DATASET EXTRACT section start

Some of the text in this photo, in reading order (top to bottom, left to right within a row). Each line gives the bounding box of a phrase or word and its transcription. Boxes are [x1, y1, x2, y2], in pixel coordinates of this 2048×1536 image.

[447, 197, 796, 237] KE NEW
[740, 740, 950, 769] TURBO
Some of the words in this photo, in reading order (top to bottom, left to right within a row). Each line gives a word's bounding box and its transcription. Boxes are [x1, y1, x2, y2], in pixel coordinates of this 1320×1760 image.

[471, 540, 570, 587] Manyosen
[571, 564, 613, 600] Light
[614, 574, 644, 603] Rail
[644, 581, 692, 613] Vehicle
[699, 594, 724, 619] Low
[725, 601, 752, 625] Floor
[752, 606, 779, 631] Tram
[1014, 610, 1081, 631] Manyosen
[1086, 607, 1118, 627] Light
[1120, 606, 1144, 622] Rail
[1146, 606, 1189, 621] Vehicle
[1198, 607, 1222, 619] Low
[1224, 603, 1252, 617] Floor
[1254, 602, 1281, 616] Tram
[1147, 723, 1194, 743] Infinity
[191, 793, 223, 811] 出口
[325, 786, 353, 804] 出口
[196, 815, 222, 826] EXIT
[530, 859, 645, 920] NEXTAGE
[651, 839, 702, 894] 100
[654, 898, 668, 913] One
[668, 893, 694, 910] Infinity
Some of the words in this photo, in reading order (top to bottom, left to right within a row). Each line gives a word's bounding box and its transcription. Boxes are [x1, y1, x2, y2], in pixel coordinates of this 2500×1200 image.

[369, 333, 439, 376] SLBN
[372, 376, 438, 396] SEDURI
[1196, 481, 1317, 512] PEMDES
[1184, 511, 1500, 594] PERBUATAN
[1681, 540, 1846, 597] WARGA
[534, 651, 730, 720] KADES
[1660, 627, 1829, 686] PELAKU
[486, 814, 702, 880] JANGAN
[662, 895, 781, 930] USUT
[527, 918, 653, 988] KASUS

DATASET EXTRACT section end

• TASK INSTRUCTIONS:
The data are to be transcribed in full, exactly as given.

• OUTPUT FOR THIS TASK:
Some of the text in this photo, in reading order (top to bottom, left to right within a row). Each line gives the bounding box of a phrase or word and its transcription. Boxes are [x1, y1, x2, y2], in pixel coordinates of this 2048×1536 image.

[447, 197, 796, 237] KE NEW
[740, 740, 950, 769] TURBO
Some of the words in this photo, in reading order (top to bottom, left to right within a row). Each line gives a word's bounding box and its transcription. Boxes are [x1, y1, x2, y2], in pixel coordinates of this 1320×1760 image.

[471, 540, 570, 587] Manyosen
[571, 564, 613, 600] Light
[614, 574, 644, 603] Rail
[644, 581, 692, 613] Vehicle
[699, 594, 724, 619] Low
[725, 601, 752, 625] Floor
[752, 606, 779, 631] Tram
[1014, 610, 1081, 631] Manyosen
[1086, 607, 1118, 627] Light
[1120, 606, 1144, 622] Rail
[1146, 606, 1189, 621] Vehicle
[1198, 607, 1222, 619] Low
[1224, 603, 1252, 617] Floor
[1254, 602, 1281, 616] Tram
[1147, 723, 1194, 743] Infinity
[191, 793, 223, 811] 出口
[325, 786, 353, 804] 出口
[196, 815, 222, 826] EXIT
[530, 859, 645, 920] NEXTAGE
[651, 839, 702, 894] 100
[654, 898, 668, 913] One
[668, 893, 694, 910] Infinity
Some of the words in this photo, in reading order (top to bottom, left to right within a row). Each line gives a word's bounding box and its transcription. Boxes are [x1, y1, x2, y2], in pixel coordinates of this 2500×1200 image.

[369, 333, 439, 376] SLBN
[372, 376, 438, 396] SEDURI
[1196, 481, 1317, 512] PEMDES
[1184, 511, 1500, 594] PERBUATAN
[1681, 540, 1846, 597] WARGA
[534, 651, 730, 720] KADES
[1660, 627, 1829, 686] PELAKU
[486, 814, 702, 880] JANGAN
[662, 895, 781, 930] USUT
[527, 918, 653, 988] KASUS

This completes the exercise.